Hoeur Sao says the disappearance of a lot of wildlife in the jungle around her community can be blamed not on locals but on people from outside the community who have come to hunt in the area.

Audibert-Pestel says people from outside who hunt animals for trade are not so easy to control.

POH KAO has worked in Ratanakkiri since 2006 to co-operate with villagers in monitoring the forest so they can alert the protection organisation Wildlife Alliance to arrest hunters if they see them.

POH KAO has also supported locals raising livestock. Audibert-Pestel runs a veterinary practice in Ratanakkiri that can vaccinate the villagers’ animals so people won’t lose them and be forced to return to hunting.

“We have a vet to vaccinate their domestic animals, especially buffalo. Buffalo are so important for their livelihood. If they don’t have buffalo, they will hunt wild animals instead,” she says.

During their trip to Phnom Penh, Audibert-Pestel took the group to the Phnom Tamao Zoo to see animals rescued from poachers.
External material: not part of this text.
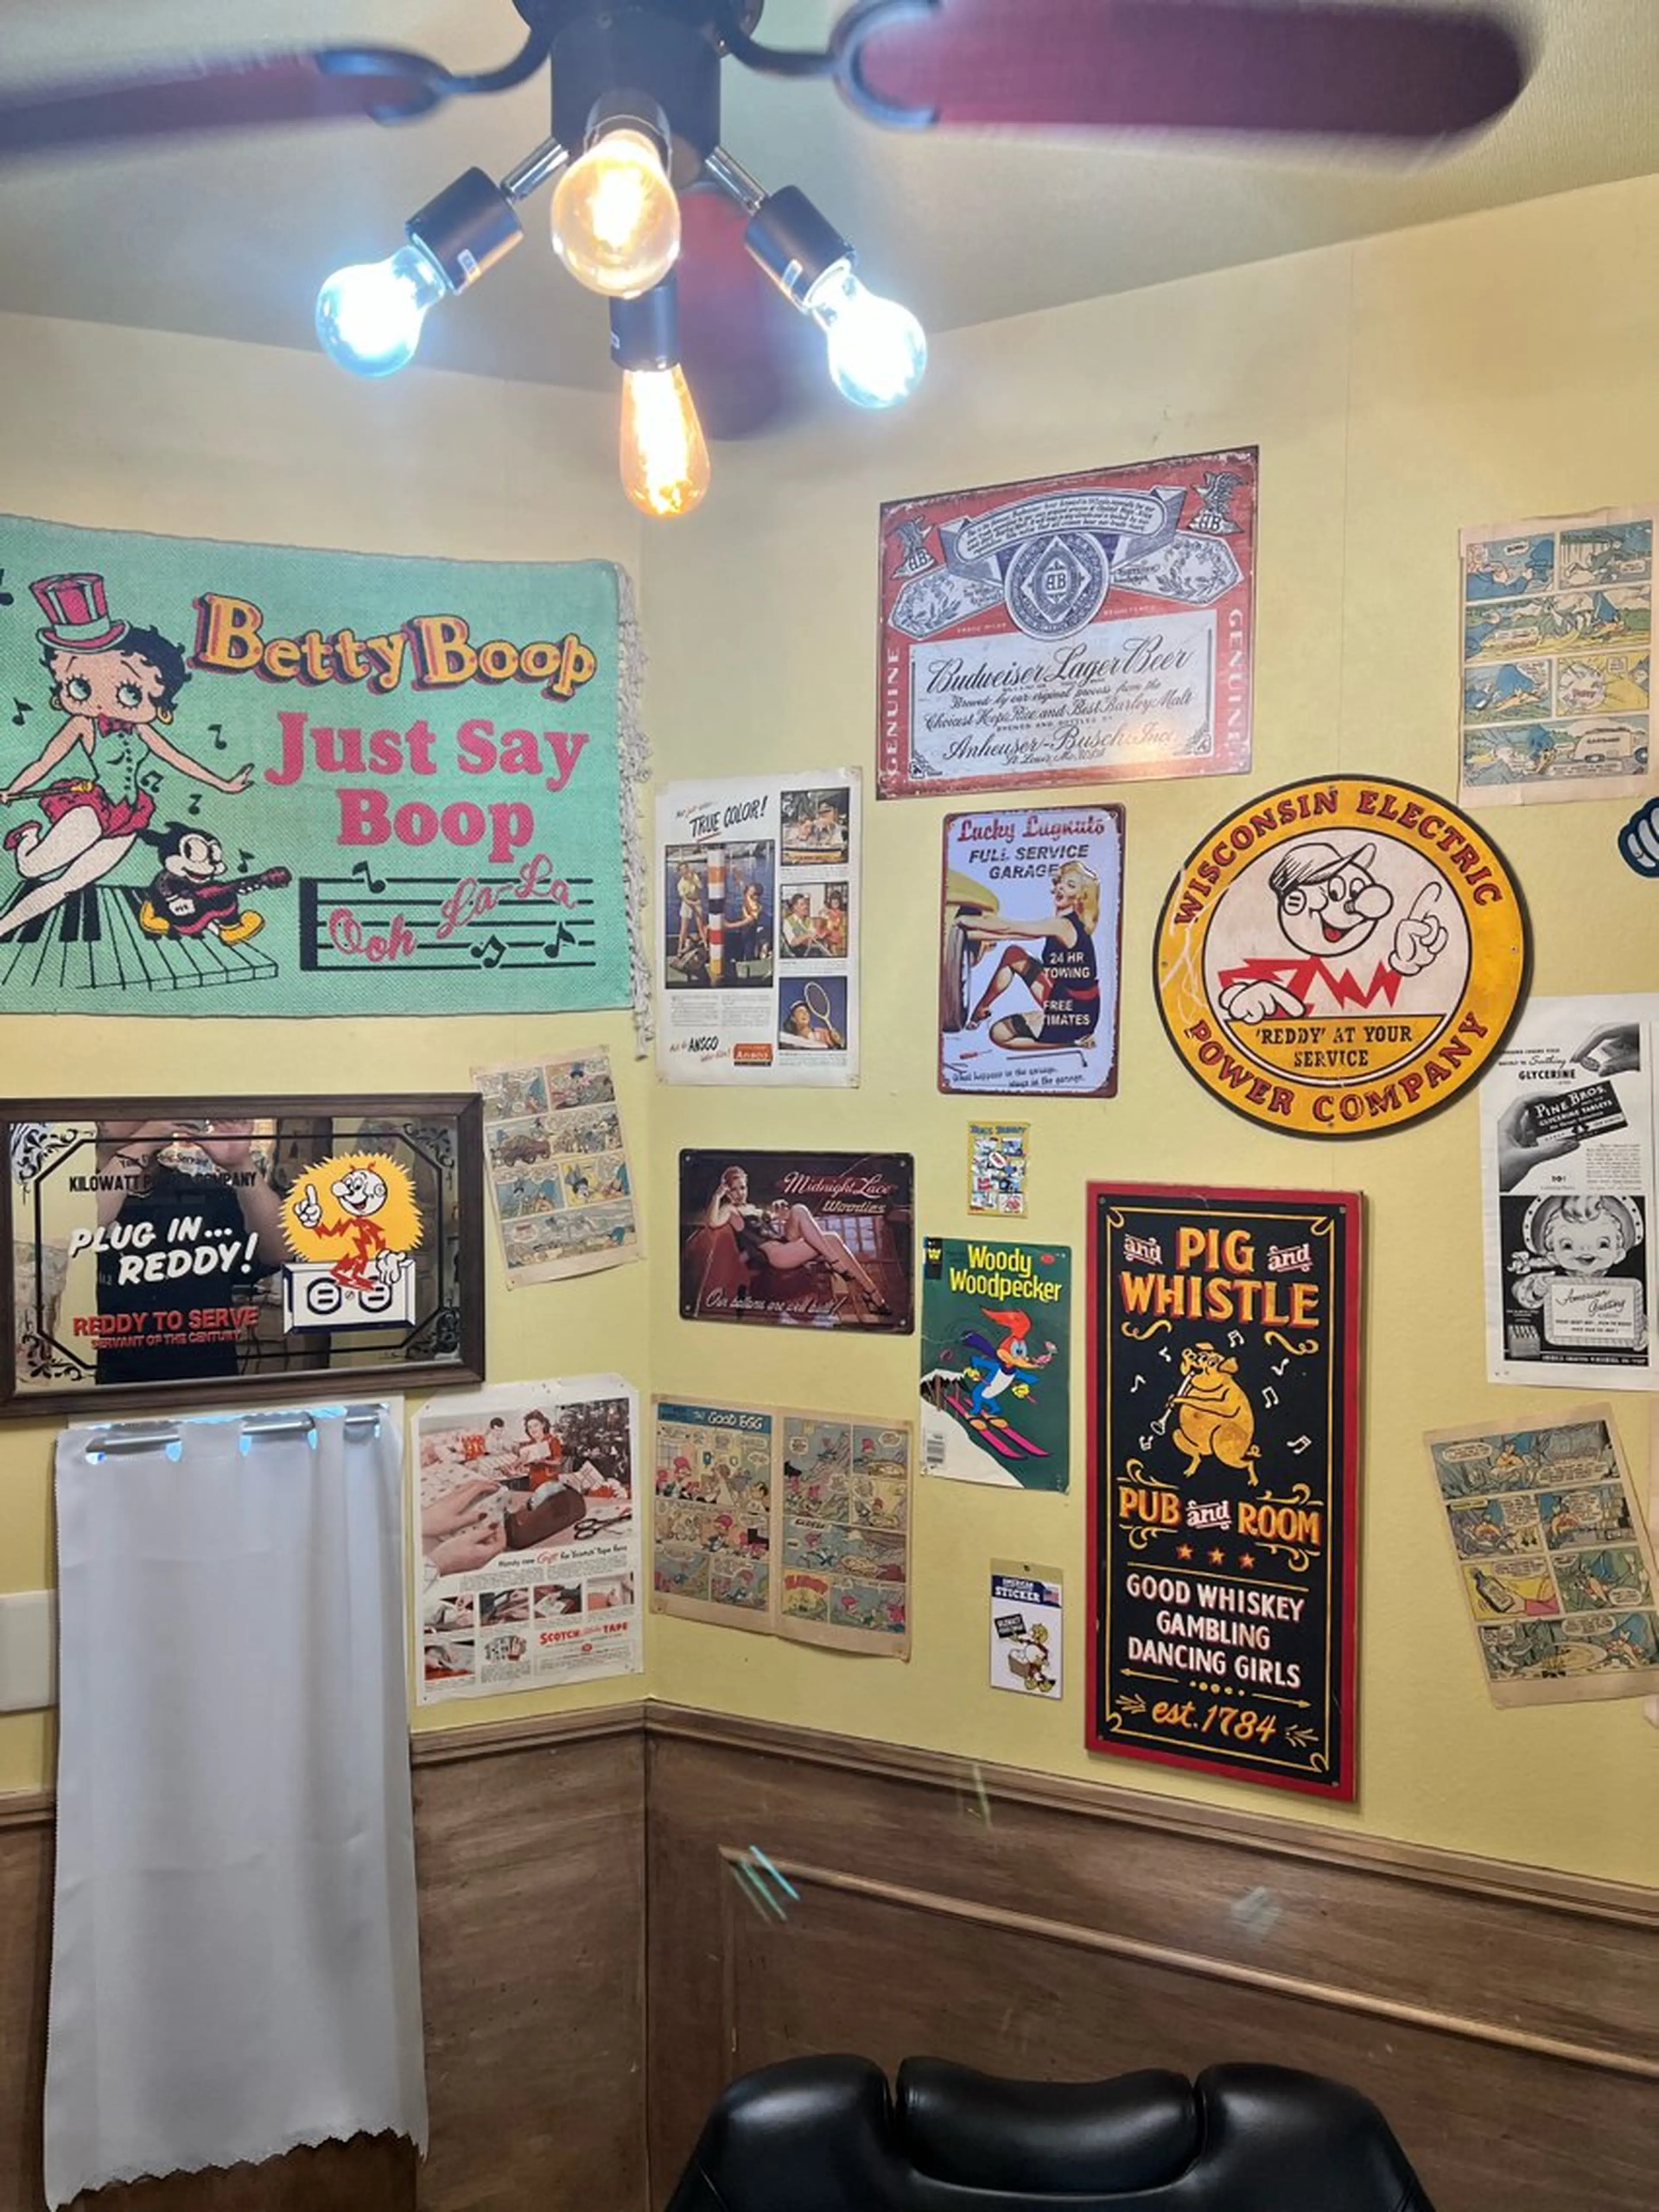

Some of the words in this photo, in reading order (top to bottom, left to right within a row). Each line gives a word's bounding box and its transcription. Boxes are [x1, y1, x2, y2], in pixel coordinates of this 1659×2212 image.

Following the zoo visit, the children’s artwork, personal reflections of their endangered environment, went on display last Tuesday at Meta House, where it can be viewed by the public until June 19.

At the exhibition’s opening, Keo Omaliss, an official of the Cambodian Forestry Administration, said he was preparing a proposal to declare the 60,000 hectares where POH KAO works as a national preservation area because it was rich in biodiversity.

“There is a lot of rare wildlife such as tigers, elephants and even giant ibis birds. The money from companies that take tourists there will benefit the community,” he said.